The company has also entered the semiconductor and electronic chemicals market with customers from Japan, Taiwan, and South Korea. These chemicals will be produced in the upcoming Site 5 of the company.

Major Expansion is Underway

Aether Industries is expanding robustly with multiple site constructions underway, and a few already commencing operations.

Site 3++, which is based in Surat (Gujarat) has already started commercial operations since February 2026. This is an expansion to the already existing Site 3 facility and is expected to produce several new specialty chemicals and intermediates, boosting the overall capacity of the company. The management expects 50% of this expanded site to be utilized during FY27.
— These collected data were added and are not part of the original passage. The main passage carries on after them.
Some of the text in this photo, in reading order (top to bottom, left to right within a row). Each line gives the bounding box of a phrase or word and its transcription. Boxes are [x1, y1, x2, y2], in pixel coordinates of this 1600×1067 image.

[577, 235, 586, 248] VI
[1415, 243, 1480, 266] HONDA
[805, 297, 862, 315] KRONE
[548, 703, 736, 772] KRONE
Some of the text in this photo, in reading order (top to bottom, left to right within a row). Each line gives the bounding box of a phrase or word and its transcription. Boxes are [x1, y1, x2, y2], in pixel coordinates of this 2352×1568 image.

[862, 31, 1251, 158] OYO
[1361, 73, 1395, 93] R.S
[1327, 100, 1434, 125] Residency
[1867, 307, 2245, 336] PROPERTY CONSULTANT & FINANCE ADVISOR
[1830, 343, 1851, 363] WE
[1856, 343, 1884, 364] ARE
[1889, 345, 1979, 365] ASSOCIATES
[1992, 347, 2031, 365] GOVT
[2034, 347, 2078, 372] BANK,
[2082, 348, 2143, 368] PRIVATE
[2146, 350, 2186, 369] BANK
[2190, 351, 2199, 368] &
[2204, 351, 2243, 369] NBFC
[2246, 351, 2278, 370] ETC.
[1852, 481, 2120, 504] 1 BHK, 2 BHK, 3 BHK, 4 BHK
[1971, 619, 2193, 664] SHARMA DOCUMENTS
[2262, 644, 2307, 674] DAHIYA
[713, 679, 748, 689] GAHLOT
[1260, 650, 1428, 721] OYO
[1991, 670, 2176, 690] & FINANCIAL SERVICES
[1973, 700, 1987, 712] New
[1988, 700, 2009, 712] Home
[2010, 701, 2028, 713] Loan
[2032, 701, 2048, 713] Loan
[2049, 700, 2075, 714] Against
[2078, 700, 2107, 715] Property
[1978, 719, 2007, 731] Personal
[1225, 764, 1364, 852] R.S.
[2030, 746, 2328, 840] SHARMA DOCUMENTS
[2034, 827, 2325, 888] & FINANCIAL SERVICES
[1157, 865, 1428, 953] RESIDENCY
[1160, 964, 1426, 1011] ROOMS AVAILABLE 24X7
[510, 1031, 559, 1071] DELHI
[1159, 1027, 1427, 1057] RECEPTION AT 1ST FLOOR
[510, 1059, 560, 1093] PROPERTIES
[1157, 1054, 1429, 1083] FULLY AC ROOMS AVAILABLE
Site 5, also under construction, is a major greenfield manufacturing facility in Panoli, Gujarat. The first 2 blocks of Phase 1 are about to begin commercial production. Phase 2 expansion is underway.

It is not only the manufacturing facilities that the company is expanding. As an advanced intermediate producer, the company invests heavily in its research and development (R&D) facilities as well. During 9MFY26, the company invested ₹61 crore in R&D, which is around 7% of its revenues.

A 46% Profit Growth  

During Q3FY26, Aether Industries witnessed a massive jump in its sales and profits. Sales jumped from ₹220 crore in Q3FY25 to ₹317 crore in Q3FY26, logging a 44.4% YoY growth. Net profit for the period grew by 46% YoY from ₹43 crore to ₹64 crore.

This might be another reason behind the continuous surge in the share price of the company.

Having said that, the ROCE is around 10%, which is lower than the industry median of 15.5%.

Unlike NOCIL, this specialty giant does not offer any dividends to its shareholders.

Valuation

The stock is trading at a PE of 65x, which is way higher than the industry median of 25.4x, indicating a premium valuation. Even the Price/earnings to growth (PEG) ratio is 4x, higher than the industry median of just 0.2x, suggesting that even adjusted for growth, the stock is currently trading at a significant premium to its peers.

Final Thoughts

These two specialty chemical stocks are not just defying the overall negative market sentiment but also industry-specific challenges.

Having said that, both the stocks have been resilient and are expanding their business in different ways possible. From diversifying their business to major expansion plans are perhaps some of the reasons behind their performance in the stock market, too.

You can add these stocks to your watchlist to keep an eye on their future performance keep an eye on their future performance.

We have relied on data from http://www.Screener.in throughout this article. Only in cases where the data was not available have we used an alternate, but widely used and accepted source of information.

The purpose of this article is only to share interesting charts, data points, and thought-provoking opinions. It is NOT a recommendation. If you wish to consider an investment, you are strongly advised to consult your advisor. This article is strictly for educational purposes only.

Maumita Mitra is a seasoned writer specializing in demystifying the world of investment for a broad audience. She has a keen eye for detail and a knack for explaining complex financial concepts in the simplest manner possible.

Disclosure: The writer and her dependents do not hold the stocks discussed in this article.